=== EXERCISE MATERIAL ===

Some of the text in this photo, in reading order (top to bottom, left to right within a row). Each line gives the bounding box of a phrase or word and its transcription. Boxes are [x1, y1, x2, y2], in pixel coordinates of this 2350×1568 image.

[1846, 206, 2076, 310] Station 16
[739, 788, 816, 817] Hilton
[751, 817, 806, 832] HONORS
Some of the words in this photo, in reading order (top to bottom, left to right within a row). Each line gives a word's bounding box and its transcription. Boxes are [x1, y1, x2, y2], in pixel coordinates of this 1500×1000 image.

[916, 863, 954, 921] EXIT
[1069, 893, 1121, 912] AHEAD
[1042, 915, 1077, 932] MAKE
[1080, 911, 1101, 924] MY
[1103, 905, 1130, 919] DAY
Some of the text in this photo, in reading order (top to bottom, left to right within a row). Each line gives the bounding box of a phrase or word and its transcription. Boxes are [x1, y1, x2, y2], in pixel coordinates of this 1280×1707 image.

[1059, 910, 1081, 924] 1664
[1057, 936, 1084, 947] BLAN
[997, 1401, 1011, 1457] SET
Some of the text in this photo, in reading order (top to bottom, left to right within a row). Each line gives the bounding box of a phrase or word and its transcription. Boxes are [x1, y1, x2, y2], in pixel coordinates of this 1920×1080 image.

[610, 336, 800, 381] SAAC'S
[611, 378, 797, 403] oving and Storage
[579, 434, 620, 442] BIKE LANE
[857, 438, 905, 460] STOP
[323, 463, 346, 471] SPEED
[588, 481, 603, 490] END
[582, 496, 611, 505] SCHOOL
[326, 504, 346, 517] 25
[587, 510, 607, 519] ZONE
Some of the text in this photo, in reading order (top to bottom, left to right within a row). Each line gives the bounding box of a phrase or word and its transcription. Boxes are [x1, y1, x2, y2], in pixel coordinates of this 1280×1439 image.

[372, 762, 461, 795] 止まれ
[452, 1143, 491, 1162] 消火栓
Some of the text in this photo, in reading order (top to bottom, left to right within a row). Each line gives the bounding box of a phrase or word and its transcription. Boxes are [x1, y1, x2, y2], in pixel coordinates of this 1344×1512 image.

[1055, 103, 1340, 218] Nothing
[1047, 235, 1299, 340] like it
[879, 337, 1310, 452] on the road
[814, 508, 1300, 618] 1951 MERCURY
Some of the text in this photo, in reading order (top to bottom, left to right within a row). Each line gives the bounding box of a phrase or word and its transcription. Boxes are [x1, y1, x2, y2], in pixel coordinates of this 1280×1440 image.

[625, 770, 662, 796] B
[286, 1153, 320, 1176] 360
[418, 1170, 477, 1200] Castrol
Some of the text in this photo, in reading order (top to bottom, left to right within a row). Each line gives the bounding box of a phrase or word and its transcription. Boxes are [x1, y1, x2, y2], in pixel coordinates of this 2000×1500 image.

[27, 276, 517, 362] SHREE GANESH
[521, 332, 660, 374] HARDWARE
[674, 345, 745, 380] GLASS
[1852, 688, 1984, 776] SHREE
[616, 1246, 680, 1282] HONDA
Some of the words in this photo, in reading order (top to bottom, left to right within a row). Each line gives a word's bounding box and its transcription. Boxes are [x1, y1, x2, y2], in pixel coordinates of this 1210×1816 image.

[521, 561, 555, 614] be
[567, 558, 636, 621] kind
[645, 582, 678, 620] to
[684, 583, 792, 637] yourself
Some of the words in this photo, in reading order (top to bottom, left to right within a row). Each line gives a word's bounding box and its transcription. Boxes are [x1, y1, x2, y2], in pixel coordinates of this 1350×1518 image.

===

YOUR ASSIGNMENT
Write out every entry once more, precisely as it stands.

REPLY
Some of the text in this photo, in reading order (top to bottom, left to right within a row). Each line gives the bounding box of a phrase or word and its transcription. Boxes are [x1, y1, x2, y2], in pixel coordinates of this 2350×1568 image.

[1846, 206, 2076, 310] Station 16
[739, 788, 816, 817] Hilton
[751, 817, 806, 832] HONORS
Some of the words in this photo, in reading order (top to bottom, left to right within a row). Each line gives a word's bounding box and its transcription. Boxes are [x1, y1, x2, y2], in pixel coordinates of this 1500×1000 image.

[916, 863, 954, 921] EXIT
[1069, 893, 1121, 912] AHEAD
[1042, 915, 1077, 932] MAKE
[1080, 911, 1101, 924] MY
[1103, 905, 1130, 919] DAY
Some of the text in this photo, in reading order (top to bottom, left to right within a row). Each line gives the bounding box of a phrase or word and its transcription. Boxes are [x1, y1, x2, y2], in pixel coordinates of this 1280×1707 image.

[1059, 910, 1081, 924] 1664
[1057, 936, 1084, 947] BLAN
[997, 1401, 1011, 1457] SET
Some of the text in this photo, in reading order (top to bottom, left to right within a row). Each line gives the bounding box of a phrase or word and its transcription. Boxes are [x1, y1, x2, y2], in pixel coordinates of this 1920×1080 image.

[610, 336, 800, 381] SAAC'S
[611, 378, 797, 403] oving and Storage
[579, 434, 620, 442] BIKE LANE
[857, 438, 905, 460] STOP
[323, 463, 346, 471] SPEED
[588, 481, 603, 490] END
[582, 496, 611, 505] SCHOOL
[326, 504, 346, 517] 25
[587, 510, 607, 519] ZONE
Some of the text in this photo, in reading order (top to bottom, left to right within a row). Each line gives the bounding box of a phrase or word and its transcription. Boxes are [x1, y1, x2, y2], in pixel coordinates of this 1280×1439 image.

[372, 762, 461, 795] 止まれ
[452, 1143, 491, 1162] 消火栓
Some of the text in this photo, in reading order (top to bottom, left to right within a row). Each line gives the bounding box of a phrase or word and its transcription. Boxes are [x1, y1, x2, y2], in pixel coordinates of this 1344×1512 image.

[1055, 103, 1340, 218] Nothing
[1047, 235, 1299, 340] like it
[879, 337, 1310, 452] on the road
[814, 508, 1300, 618] 1951 MERCURY
Some of the text in this photo, in reading order (top to bottom, left to right within a row). Each line gives the bounding box of a phrase or word and its transcription. Boxes are [x1, y1, x2, y2], in pixel coordinates of this 1280×1440 image.

[625, 770, 662, 796] B
[286, 1153, 320, 1176] 360
[418, 1170, 477, 1200] Castrol
Some of the text in this photo, in reading order (top to bottom, left to right within a row). Each line gives the bounding box of a phrase or word and its transcription. Boxes are [x1, y1, x2, y2], in pixel coordinates of this 2000×1500 image.

[27, 276, 517, 362] SHREE GANESH
[521, 332, 660, 374] HARDWARE
[674, 345, 745, 380] GLASS
[1852, 688, 1984, 776] SHREE
[616, 1246, 680, 1282] HONDA
Some of the words in this photo, in reading order (top to bottom, left to right within a row). Each line gives a word's bounding box and its transcription. Boxes are [x1, y1, x2, y2], in pixel coordinates of this 1210×1816 image.

[521, 561, 555, 614] be
[567, 558, 636, 621] kind
[645, 582, 678, 620] to
[684, 583, 792, 637] yourself
Some of the words in this photo, in reading order (top to bottom, left to right within a row). Each line gives a word's bounding box and its transcription. Boxes are [x1, y1, x2, y2], in pixel coordinates of this 1350×1518 image.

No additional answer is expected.